He then hints at the end that astronomers adduce other reasons in confirmation of the same conclusions--that the earth is in the center of the universe and immovable. A single one of these is that all the appearances seen In the movements of the stars correspond with this central position of the earth, which correspondence they would not otherwise possess. The others, adduced by Ptolemy and other astronomers, I can give you now if you like; or after you have said as much as you want to In reply to these of Aristotle.

SALV. The arguments produced on this matter are of two kinds. Some pertain to terrestrial events without relation to the stars, and others are drawn from the appearances and observations of celestial things. Aristotle's arguments are drawn mostly from the things around us, and he leaves the others to the astronomers. Hence it will be good, if it seems so to you, to examine those taken from earthly experiments, and thereafter we shall see to the other sort. And since some such arguments are adduced by Ptolemy, Tycho, and other astronomers and philosophers, in addition to their accepting, confirming, and supporting those of Aristotle, these may all be taken together in order not to have to give the same or similar answers twice. Therefore. Simplicio, present them, if you will; or, if you want me to relieve you of that burden, I am at your service.

SIMP. It will be better for you to bring them up, for having given them greater study you will have them readier at hand, and in great number too....

SALV. But is it not your opinion, and that of the author and of Aristotle and Ptolemy and all their followers, that earth, water, and air are equally of such a nature as to be constituted immovable about the center?

SIMP. That is taken as an irrefutable truth.

SALV. Then the argument for the different natures of these elements and elemental things is not taken from this common natural condition of rest with respect to the center, but must be learned by taking notice of other qualities which they do not have in common. Therefore whoever should take from the elements only this common state of rest, and leave them all their other actions, would not in the least obstruct the road which leads us to an awareness of their essences.

Now Copernicus takes from them nothing except this common rest, leaving to them weight or lightness; motion up or down, slow or fast; rarity and density; the qualities of beat, cold, dryness, moistness; and, in a word, everything else. Hence no such absurdity as this author imagines exists anywhere in the Copernican position. Agreement in an identical motion means neither more nor less than agreement in an identical state of rest, so far as any diversification or nondiversification of natures is concerned. Now tell me if he has other opposing arguments.

SIMP. There follows a fourth objection, taken once again from an observation of nature. It is that bodies of the same kind have motions which agree in kind, or else they agree in rest. But in Copernicus's theory, bodies agreeing in kind and quite similar to each other would have great discrepancies as to motion, or even be diametrically opposed. For stars, so very similar to one another, would nevertheless have such dissimilar motions that six planets would perpetually go around, while the sun and the fixed stars would remain forever unmoved.
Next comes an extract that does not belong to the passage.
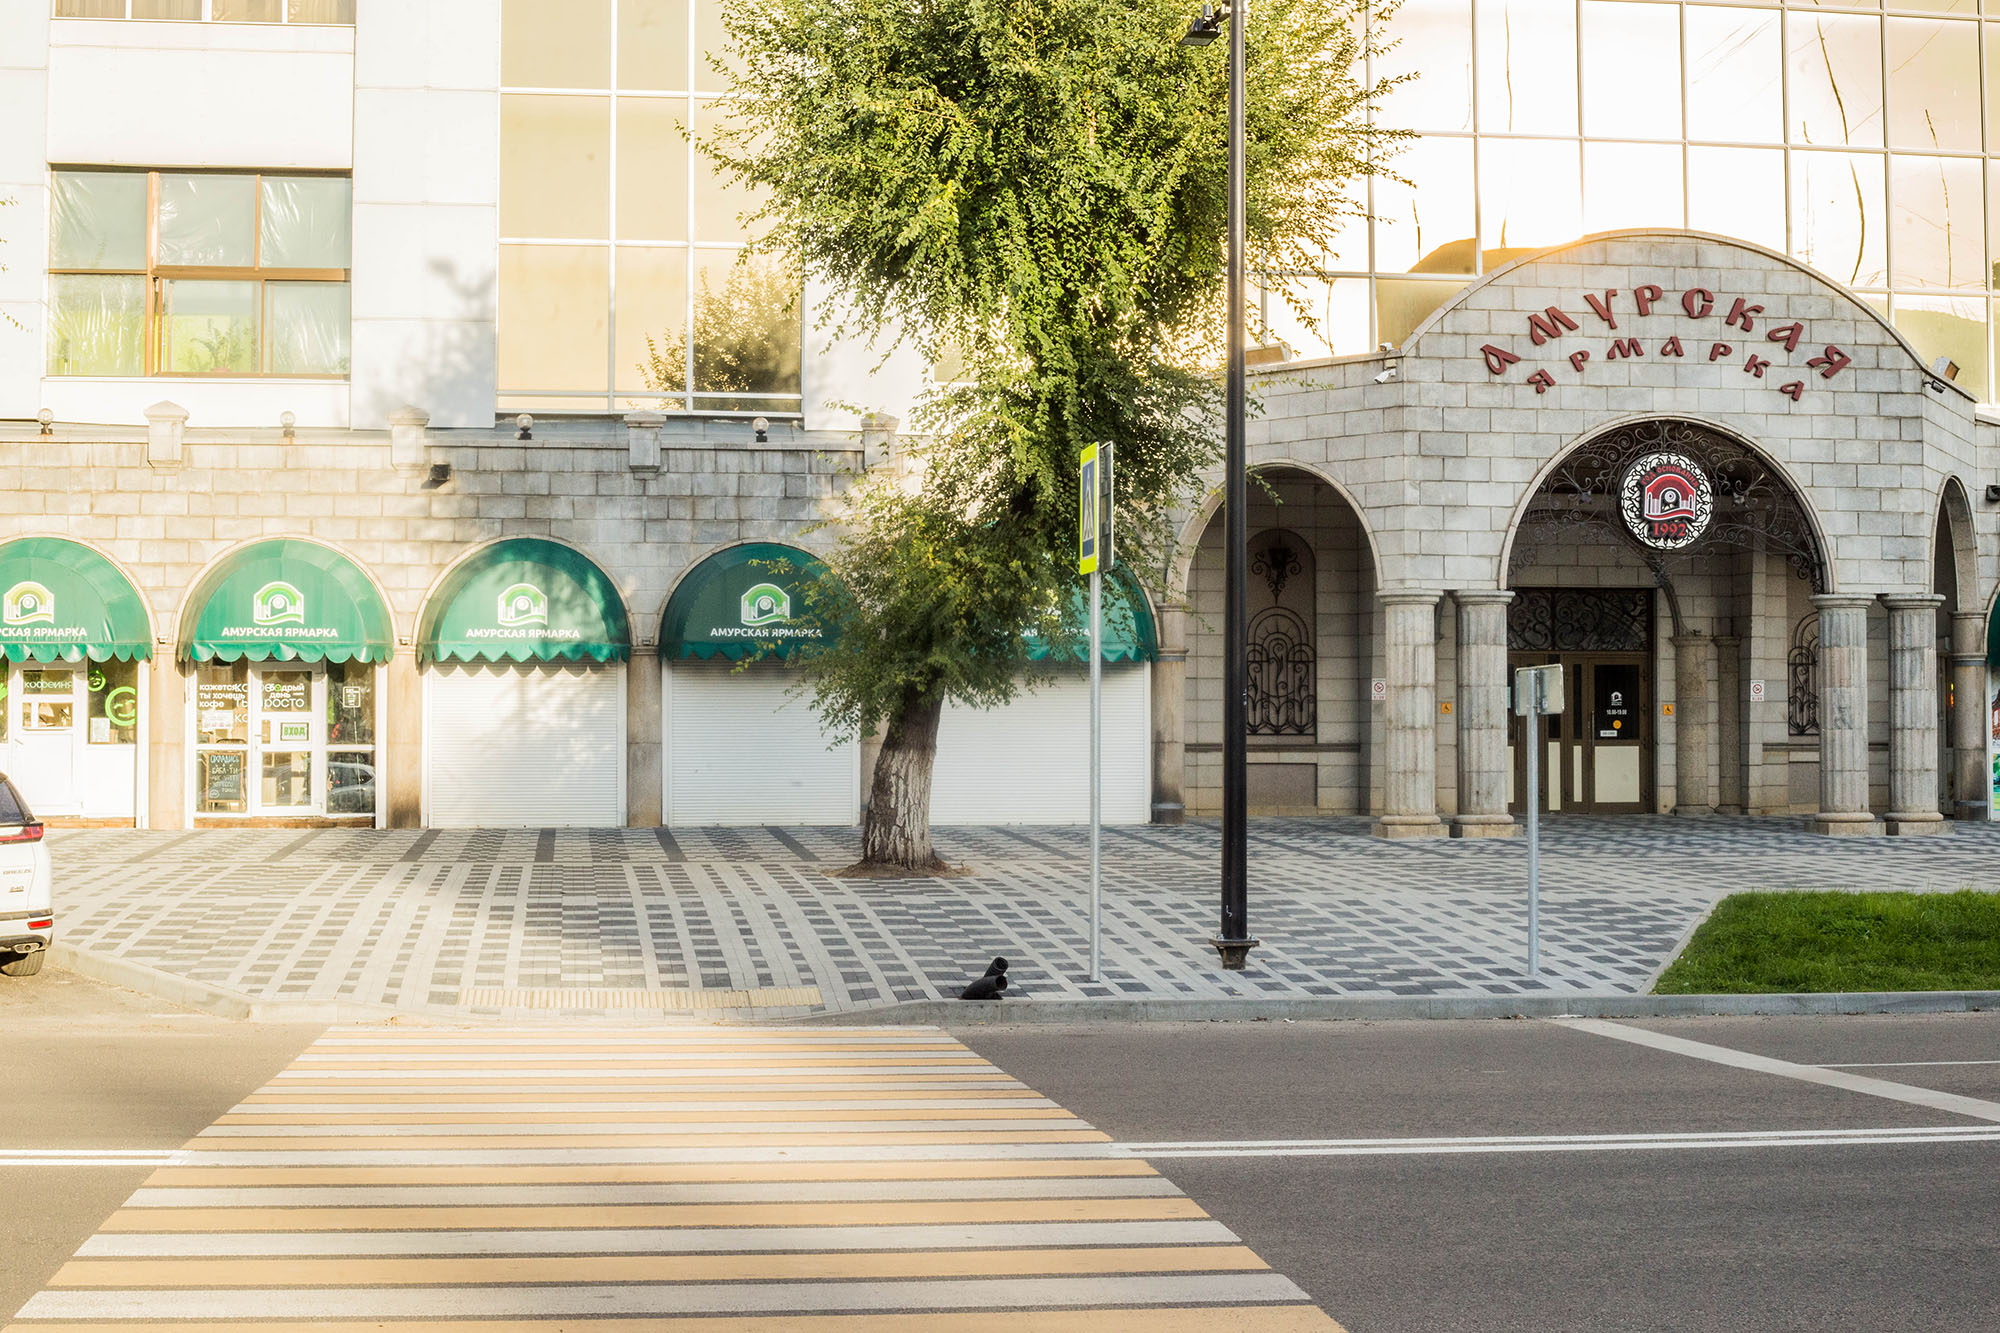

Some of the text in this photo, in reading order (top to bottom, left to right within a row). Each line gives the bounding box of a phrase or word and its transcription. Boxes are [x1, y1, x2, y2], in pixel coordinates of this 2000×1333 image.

SALV. The form of this argumentation appears to me valid, but I believe that its content or its application is at fault, and if the author were to persist in this assumption the consequences would run directly counter to his. The method of argument is this:

Among world bodies, there are six which perpetually move; these are the six planets. Of the others (that is, the earth, the sun, and the fixed stars) the question is which move and which stand still. If the earth stands still, the sun and the fixed stars necessarily move, and it may also be that the sun and the fixed stars are motionless if the earth is moving. This matter being in question, we inquire which ones may more suitably have motion attributed to them, and which ones rest.

Common sense says that motion ought to be deemed to belong to those which agree better in kind and in essence with the bodies which unquestionably do move, and rest to those which differ most from them. Eternal rest and perpetual motion being very different events, it is evident that the nature of an ever-moving body must be quite different from that of one which is always fixed. Let us therefore find out, when in doubt about motion and rest, whether by way of some other relevant condition we can investigate which--the earth, or the sun and the fixed stars--more resembles those bodies which are known to be movable,

Now behold how nature, favoring our needs and wishes, presents us with two striking conditions no less different than motion and rest; they are lightness and darkness--that is, being brilliant by nature or being obscure and totally lacking in light. Therefore bodies shining with internal and external splendor are very different in nature from bodies deprived of all light. Now the earth is deprived of light; most splendid in itself is the sun, and the fixed stars are no less so. The six moving planets entirely lack light, like the earth; therefore their essence resembles the earth and differs from the sun and the fixed stars. Hence the earth moves, and the sun and the stellar sphere are motionless.

SIMP. But the author will not concede that the six planets are dark, and will stand firm upon that denial; or else he will argue the great conformity in nature between the six planets and the sun and fixed stars, as well as the contrast between the latter and the earth, with respect to conditions other than those of darkness and light. Indeed, I now see that here In the fifth objection, which follows, there is set forth the great disparity between the earth and the heavenly bodies. He writes that there would be great confusion and trouble in the system of the universe and among its parts, according to the Copernican hypothesis, because of its placing among the heavenly bodies (immutable and incorruptible according to Aristotle, Tycho, and others); among bodies of such nobility by the admission of everyone (including Copernicus himself, who declares them to be ordered and arranged in the best possible manner and who removes from them any inconstancy of power); because, I say, of its placing among bodies as pure as Venus and Mars this sink of all corruptible material; that is, the earth, with the water, the air, and all their mixtures!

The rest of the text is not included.